Management of Hepatitis C

  • Public health programs teaching safe needle sharing, screening blood supply, safety needles in heath care, and disinfecting
  • Direct-acting antivirals (DAA): Glecaprevir-pibrentasvir; ledipasvir-sofosbuvir
  • Educate about reducing/eliminating infection, transmission, how treatment works, and follow-up care guidelines

Hepatitis D

  • Only those with hepatitis B are at risk
  • Transmission: same as HBV but through blood, saliva, semen, and vaginal secretions
  • Those who are IV drug users, on hemodialysis, or who have had blood transfusions are at risk.
  • Incubation: 30 - 150 days
  • Similar to HBV
  • This form of the virus will likely develop acute liver failure or turn into chronic active hepatitis and cirrhosis
  • Treatment: Interferon alfa

Hepatitis E

  • Fecal-oral route transmissed
  • Incubation period: 15 to 65 days
  • Symptoms may be similar to the HAV
  • Usually self-limiting
  • Abrupt or immediate onset of Jaundice
  • Generally does not develop into a chronic illness
  • Prevention done through hand washing

Nonviral Hepatitis: Cause, Manifestations, and Treatment

  • Cause: Hepatotoxins- carbon tetrachloride, phosphorus
  • Manifestations: Anorexia, N/V, jaundice, hepatomegaly.

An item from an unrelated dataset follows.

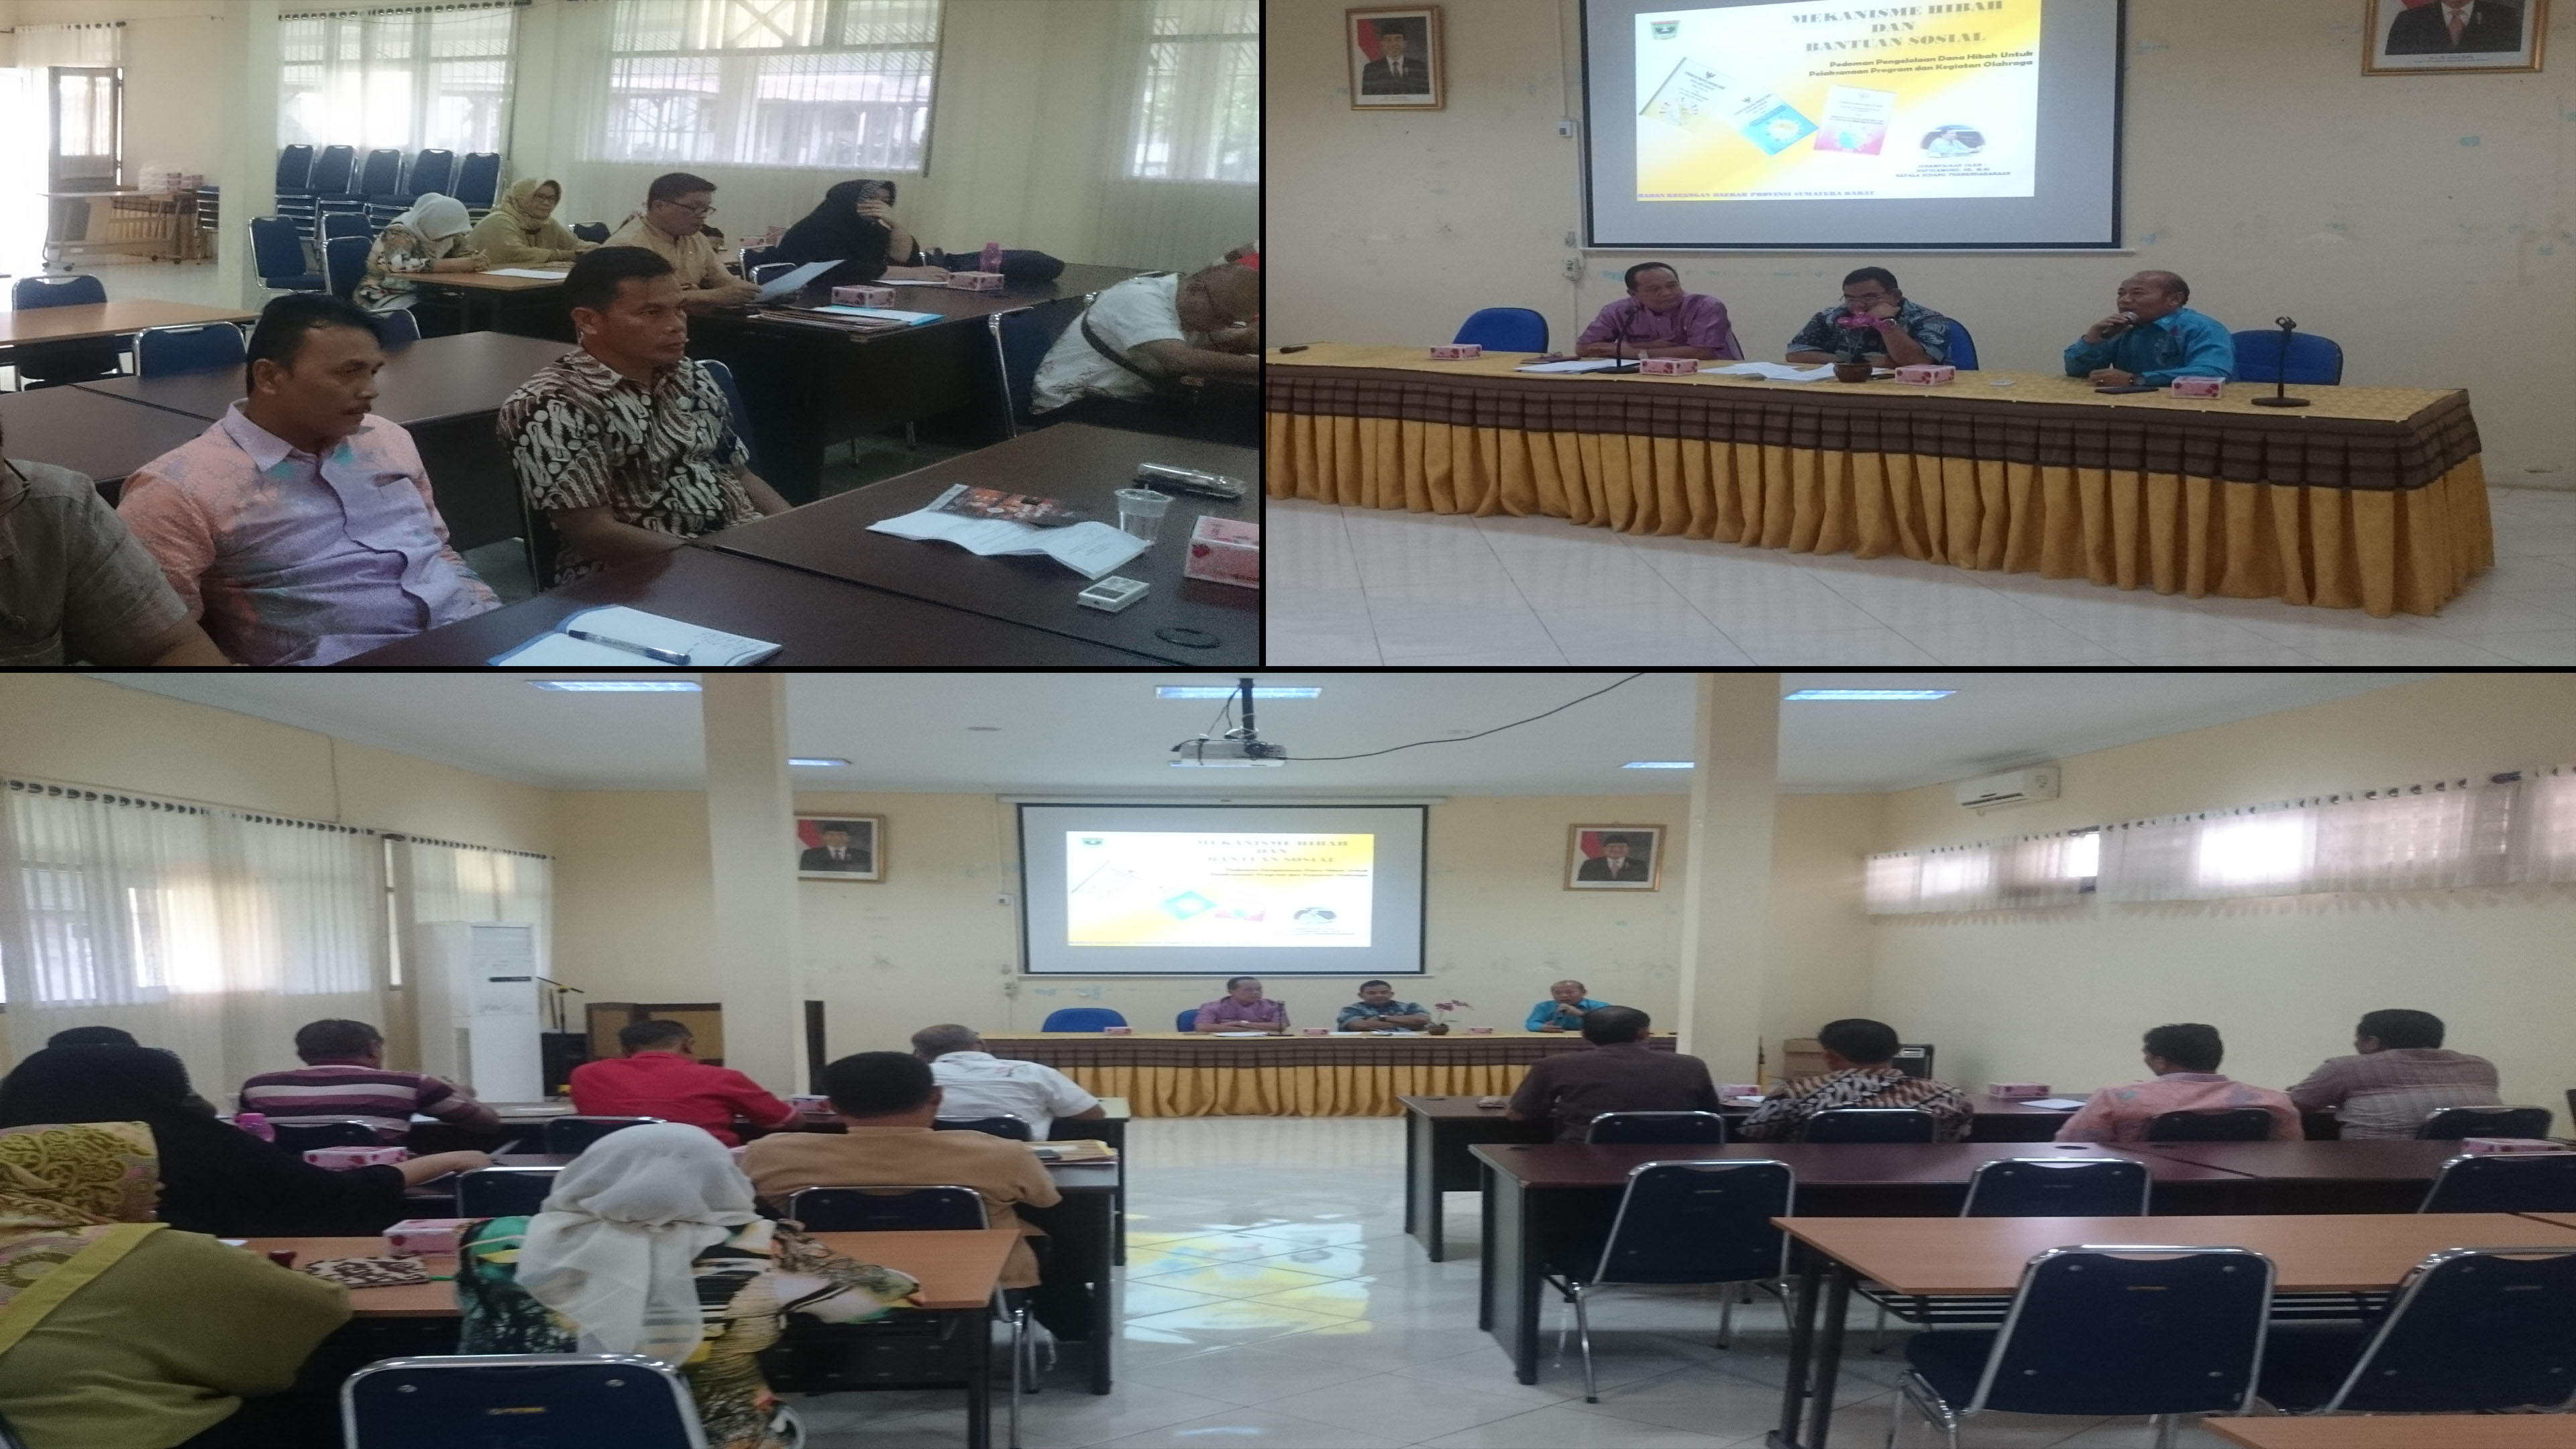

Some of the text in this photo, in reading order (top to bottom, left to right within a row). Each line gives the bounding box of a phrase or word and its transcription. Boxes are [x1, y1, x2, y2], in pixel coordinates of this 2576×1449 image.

Liver failure and death possible and depends on length of exposure
  • Treatment: Liver transplant, fluid and electrolyte balances, blood transfusion, and comfort measures

Nonviral Hepatitis: Drug-induced Hepatitis

  • Cause: Hepatoxic drugs: isoniazid, halothane, acetaminophen
  • Manifestations: Chills, fever, rash, pruritis, arthralgia, anorexia, nausea, jaundice, and hepatomegaly
  • Liver failure and death possible
  • Treatment: stop use of causative medication, antidotes, and liver transplant

Acute Liver Failure (ALF)

  • Syndrome characterized by sudden and severely impaired liver function in a previously healthy individual
  • Causes: viral hepatitis, hepatoxic agents, metabolic conditions, structural changes
  • Manifestations:
  • Neurologic dysfunction, elevated PT/INR, jaundice, anorexia, kidney disease & hepatic encephalopathy
  • Cerebral edema
  • Electrolyte disturbances
  • Cardiovascular abnormalities
  • Infection
  • Hypoglycemia

Acute Liver Failure (ALF): Management

  • Treatment: Liver transplant is best
  • Plasmapheresis, prostaglandin therapy, and extracorporeal liver assist devices (ELAD) & Bioartificial liver (BAL) are therapies
  • Manage encephalopathy by providing Mannitol, monitoring fluids/electrolytes. Also using quiet and low stimulation with sedation.
  • Constantly check the status of ICP and glucose levels for irregularities. Also monitor for infections.